**INSTRUCTIONS FOR THE TASK**
The data that follows should be copied out exactly.

»»

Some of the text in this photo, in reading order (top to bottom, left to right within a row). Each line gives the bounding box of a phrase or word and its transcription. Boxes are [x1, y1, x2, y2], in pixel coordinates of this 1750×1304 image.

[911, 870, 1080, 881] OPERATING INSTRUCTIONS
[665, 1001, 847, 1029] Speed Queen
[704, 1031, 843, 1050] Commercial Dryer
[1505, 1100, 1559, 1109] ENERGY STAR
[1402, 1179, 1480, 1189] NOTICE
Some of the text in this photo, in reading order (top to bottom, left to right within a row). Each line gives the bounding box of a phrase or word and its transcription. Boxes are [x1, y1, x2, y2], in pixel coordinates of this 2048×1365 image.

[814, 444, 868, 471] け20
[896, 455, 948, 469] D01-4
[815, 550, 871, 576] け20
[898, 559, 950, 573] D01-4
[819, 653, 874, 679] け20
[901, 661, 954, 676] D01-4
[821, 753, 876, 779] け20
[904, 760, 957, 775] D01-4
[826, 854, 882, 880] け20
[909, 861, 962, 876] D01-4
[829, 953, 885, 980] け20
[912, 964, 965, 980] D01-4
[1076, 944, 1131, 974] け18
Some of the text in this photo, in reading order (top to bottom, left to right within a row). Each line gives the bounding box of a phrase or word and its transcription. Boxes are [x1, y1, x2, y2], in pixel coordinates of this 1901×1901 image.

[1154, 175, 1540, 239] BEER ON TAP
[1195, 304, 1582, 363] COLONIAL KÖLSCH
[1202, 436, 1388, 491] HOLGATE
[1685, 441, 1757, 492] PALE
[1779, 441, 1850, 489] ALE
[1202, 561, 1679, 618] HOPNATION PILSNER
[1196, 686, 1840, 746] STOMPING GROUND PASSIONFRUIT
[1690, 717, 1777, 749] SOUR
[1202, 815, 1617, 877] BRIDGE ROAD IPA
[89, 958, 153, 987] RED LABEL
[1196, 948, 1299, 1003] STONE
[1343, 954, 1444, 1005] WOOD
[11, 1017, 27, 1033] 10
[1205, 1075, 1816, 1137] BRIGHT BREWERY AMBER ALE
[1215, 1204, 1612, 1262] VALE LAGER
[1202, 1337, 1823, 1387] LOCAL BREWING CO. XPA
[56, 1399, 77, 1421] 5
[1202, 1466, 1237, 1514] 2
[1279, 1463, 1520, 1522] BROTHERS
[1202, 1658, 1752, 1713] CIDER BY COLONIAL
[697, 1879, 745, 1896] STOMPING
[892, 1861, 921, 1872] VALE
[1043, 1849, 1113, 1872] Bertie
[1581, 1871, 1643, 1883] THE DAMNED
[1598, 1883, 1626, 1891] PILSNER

««

**FINISHED TASK**
Some of the text in this photo, in reading order (top to bottom, left to right within a row). Each line gives the bounding box of a phrase or word and its transcription. Boxes are [x1, y1, x2, y2], in pixel coordinates of this 1750×1304 image.

[911, 870, 1080, 881] OPERATING INSTRUCTIONS
[665, 1001, 847, 1029] Speed Queen
[704, 1031, 843, 1050] Commercial Dryer
[1505, 1100, 1559, 1109] ENERGY STAR
[1402, 1179, 1480, 1189] NOTICE
Some of the text in this photo, in reading order (top to bottom, left to right within a row). Each line gives the bounding box of a phrase or word and its transcription. Boxes are [x1, y1, x2, y2], in pixel coordinates of this 2048×1365 image.

[814, 444, 868, 471] け20
[896, 455, 948, 469] D01-4
[815, 550, 871, 576] け20
[898, 559, 950, 573] D01-4
[819, 653, 874, 679] け20
[901, 661, 954, 676] D01-4
[821, 753, 876, 779] け20
[904, 760, 957, 775] D01-4
[826, 854, 882, 880] け20
[909, 861, 962, 876] D01-4
[829, 953, 885, 980] け20
[912, 964, 965, 980] D01-4
[1076, 944, 1131, 974] け18
Some of the text in this photo, in reading order (top to bottom, left to right within a row). Each line gives the bounding box of a phrase or word and its transcription. Boxes are [x1, y1, x2, y2], in pixel coordinates of this 1901×1901 image.

[1154, 175, 1540, 239] BEER ON TAP
[1195, 304, 1582, 363] COLONIAL KÖLSCH
[1202, 436, 1388, 491] HOLGATE
[1685, 441, 1757, 492] PALE
[1779, 441, 1850, 489] ALE
[1202, 561, 1679, 618] HOPNATION PILSNER
[1196, 686, 1840, 746] STOMPING GROUND PASSIONFRUIT
[1690, 717, 1777, 749] SOUR
[1202, 815, 1617, 877] BRIDGE ROAD IPA
[89, 958, 153, 987] RED LABEL
[1196, 948, 1299, 1003] STONE
[1343, 954, 1444, 1005] WOOD
[11, 1017, 27, 1033] 10
[1205, 1075, 1816, 1137] BRIGHT BREWERY AMBER ALE
[1215, 1204, 1612, 1262] VALE LAGER
[1202, 1337, 1823, 1387] LOCAL BREWING CO. XPA
[56, 1399, 77, 1421] 5
[1202, 1466, 1237, 1514] 2
[1279, 1463, 1520, 1522] BROTHERS
[1202, 1658, 1752, 1713] CIDER BY COLONIAL
[697, 1879, 745, 1896] STOMPING
[892, 1861, 921, 1872] VALE
[1043, 1849, 1113, 1872] Bertie
[1581, 1871, 1643, 1883] THE DAMNED
[1598, 1883, 1626, 1891] PILSNER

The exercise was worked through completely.